Contents
DensitySketch
Quick summary: This sketch builds a coreset from the given set of input points as multi-dimensional vectors. Provides density estimate at a given point.
Our implementation was based on the following paper:
- Zohar Karnin, Edo Liberty “Discrepancy, Coresets, and Sketches in Machine Learning”
https://proceedings.mlr.press/v99/karnin19a/karnin19a.pdf
- The paper explores the relationship between class discrepancy and the efficiency of data reduction techniques like coresets and streaming sketches.
- The core contribution is a general framework for creating small, representative subsets of data (coresets) that maintain the statistical properties of the original large dataset.
Key Highlights:
- New Complexity Measure: The authors define “class discrepancy” as a way to characterize the coreset complexity of different function families, similar to how Rademacher complexity is used for generalization.
- Improved Coreset Sizes: They prove the existence of ε-approximation coresets of size $O(\sqrt{d}/\epsilon)$ for several common machine learning problems, including:
- Logistic regression
- Sigmoid activation loss
- Matrix covariance
- Kernel density estimation
- Gaussian Kernel Resolution: The paper resolves a long-standing open problem by matching the lower bound for the coreset complexity of Gaussian kernel density estimation at $O(\sqrt{d}/\epsilon)$.

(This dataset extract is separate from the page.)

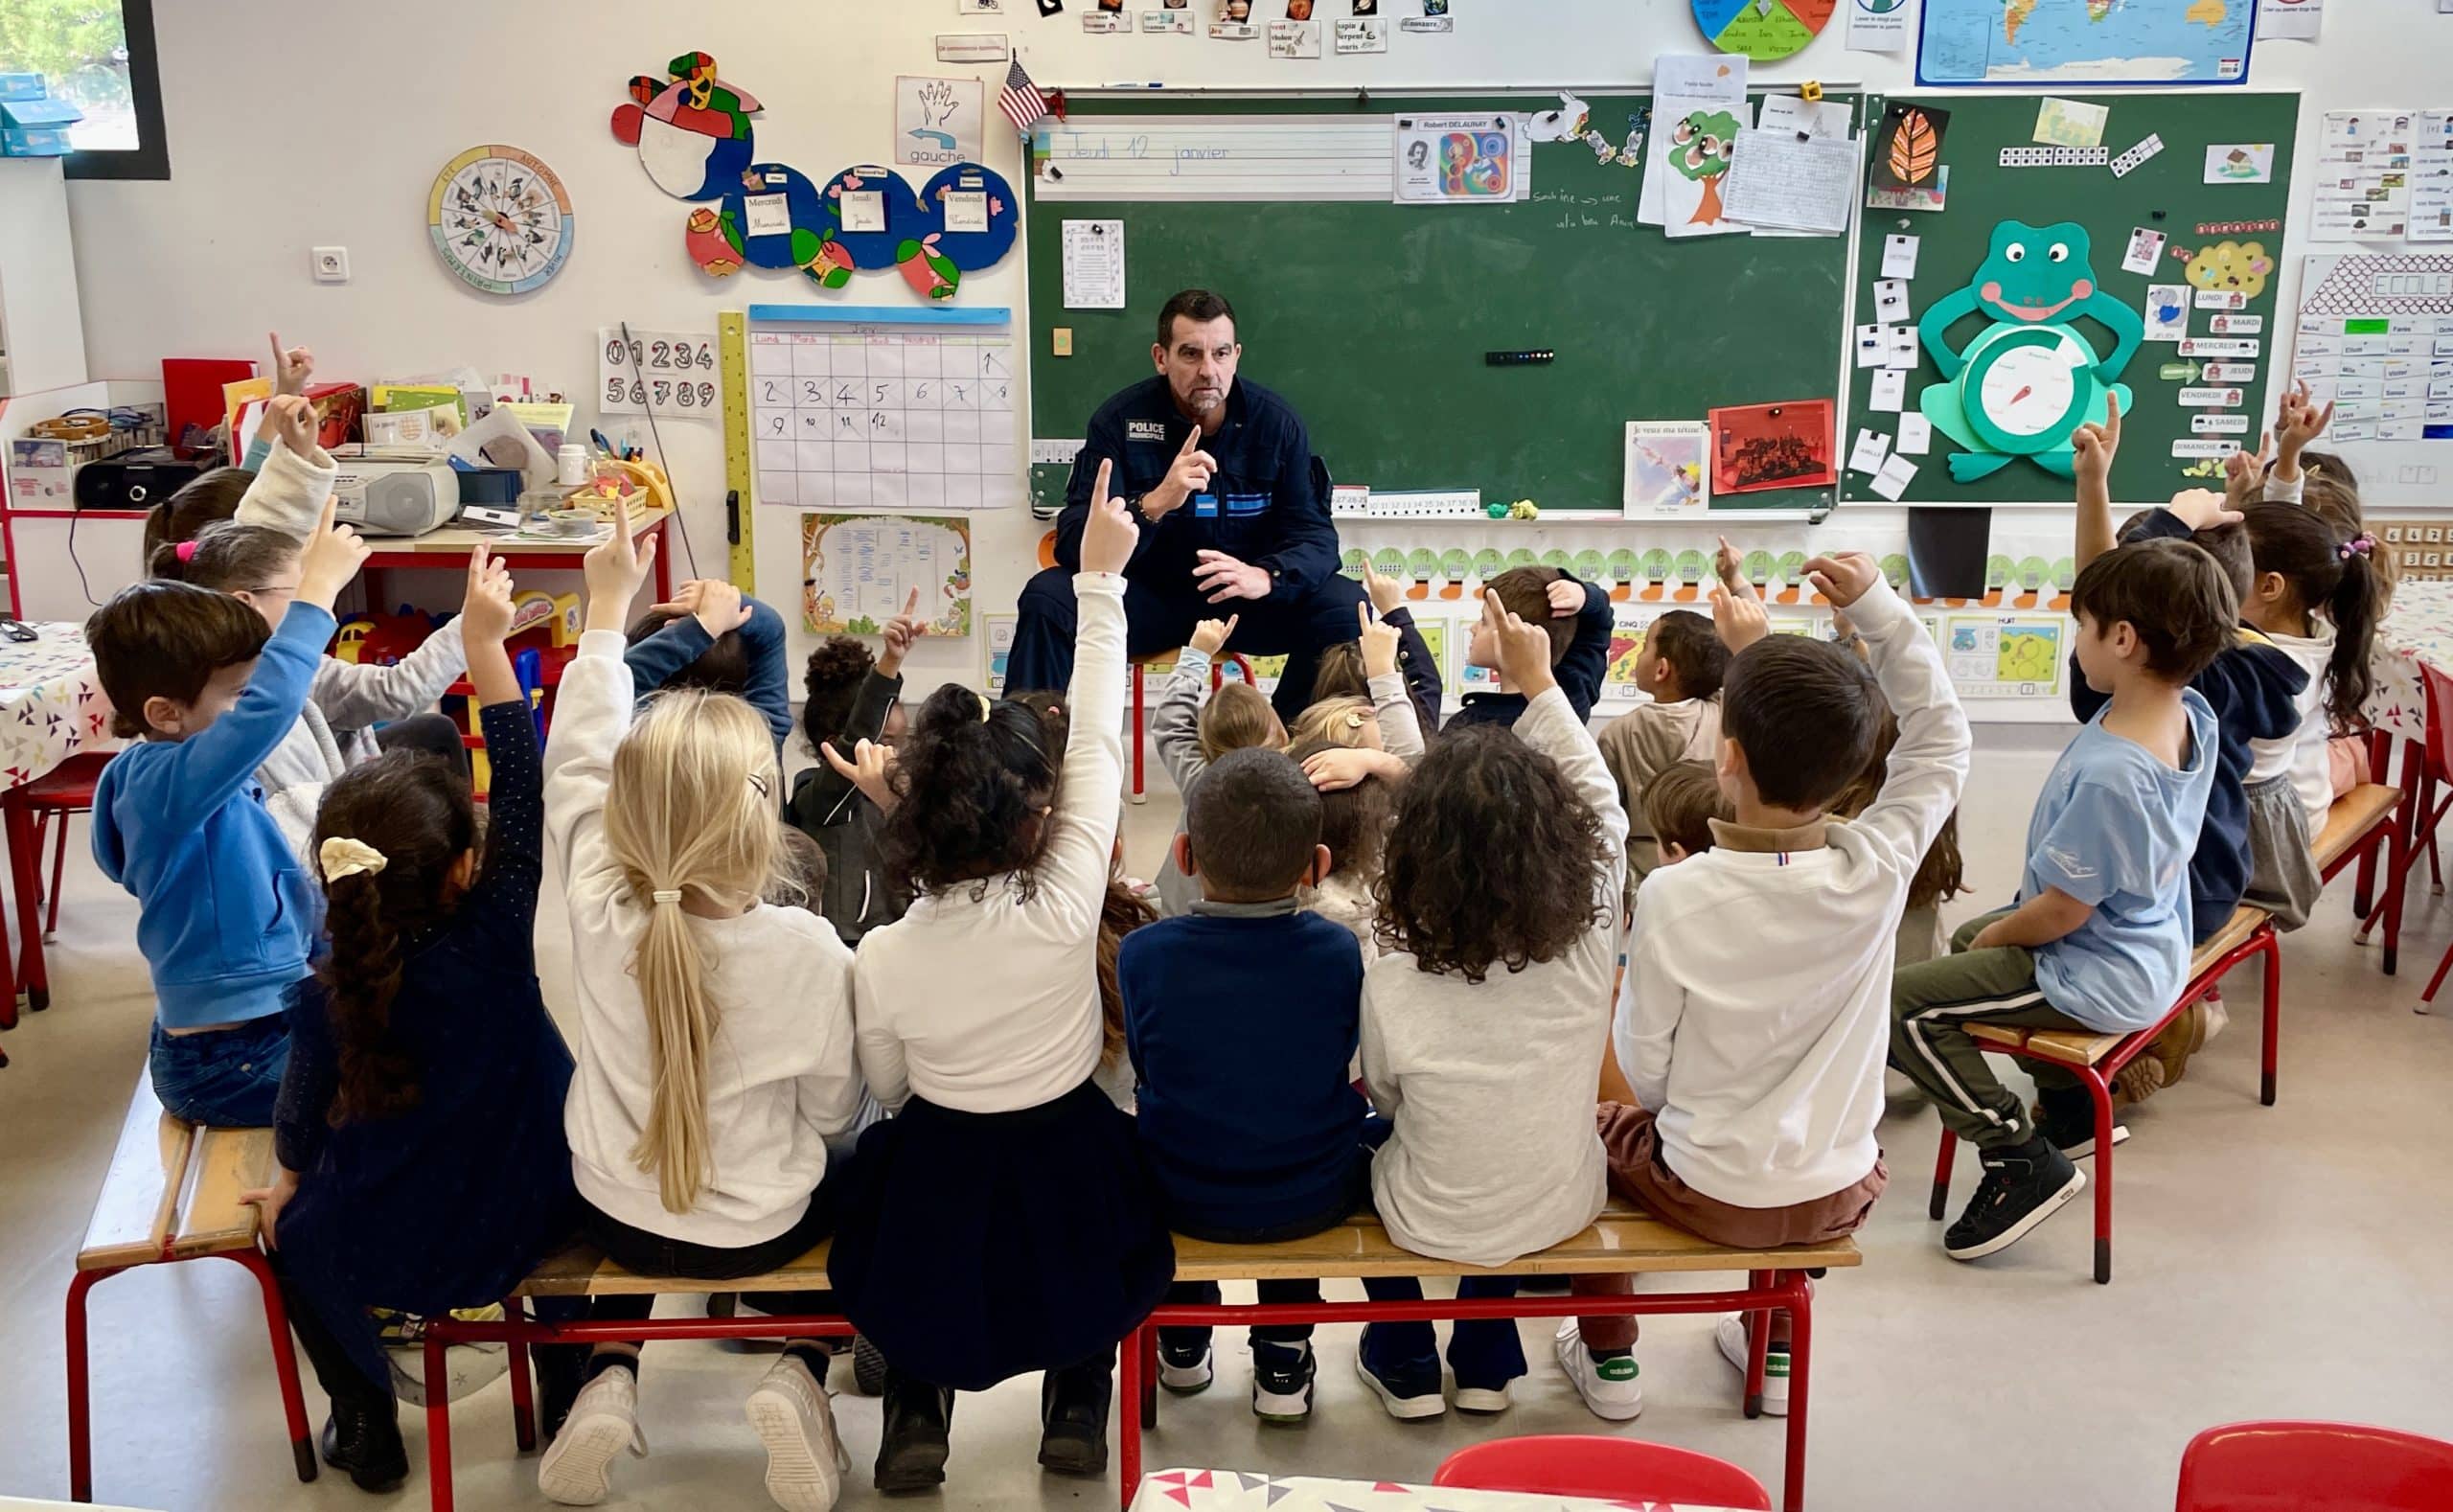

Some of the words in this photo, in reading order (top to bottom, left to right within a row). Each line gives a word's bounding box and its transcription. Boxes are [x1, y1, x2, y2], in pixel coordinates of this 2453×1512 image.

- Streaming Algorithms: It introduces an exponential improvement to the “merge-and-reduce” trick, leading to better streaming sketches for any problem with low discrepancy.
- Deterministic Algorithm: The authors provide a simple, deterministic algorithm for finding low-discrepancy sequences and coresets for any positive semi-definite kernel.
Practical Implications:
The findings allow for significantly faster optimization in large-scale machine learning. By reducing a massive dataset into a much smaller coreset, researchers can perform complex calculations (like training a logistic regression model) with a fraction of the computational cost while maintaining a high level of accuracy.
Our implementation was inspired by the following code, example, and tests by Edo Liberty:
- Code: https://github.com/edoliberty/streaming-quantiles/blob/f688c8161a25582457b0a09deb4630a81406293b/gde.py
- Example https://github.com/edoliberty/streaming-quantiles/blob/f688c8161a25582457b0a09deb4630a81406293b/gde_example_usage.ipynb
- Tests https://github.com/edoliberty/streaming-quantiles/blob/f688c8161a25582457b0a09deb4630a81406293b/gde_test.py
(Note: much of this overview was generated by Gemini AI, it may contain errors.)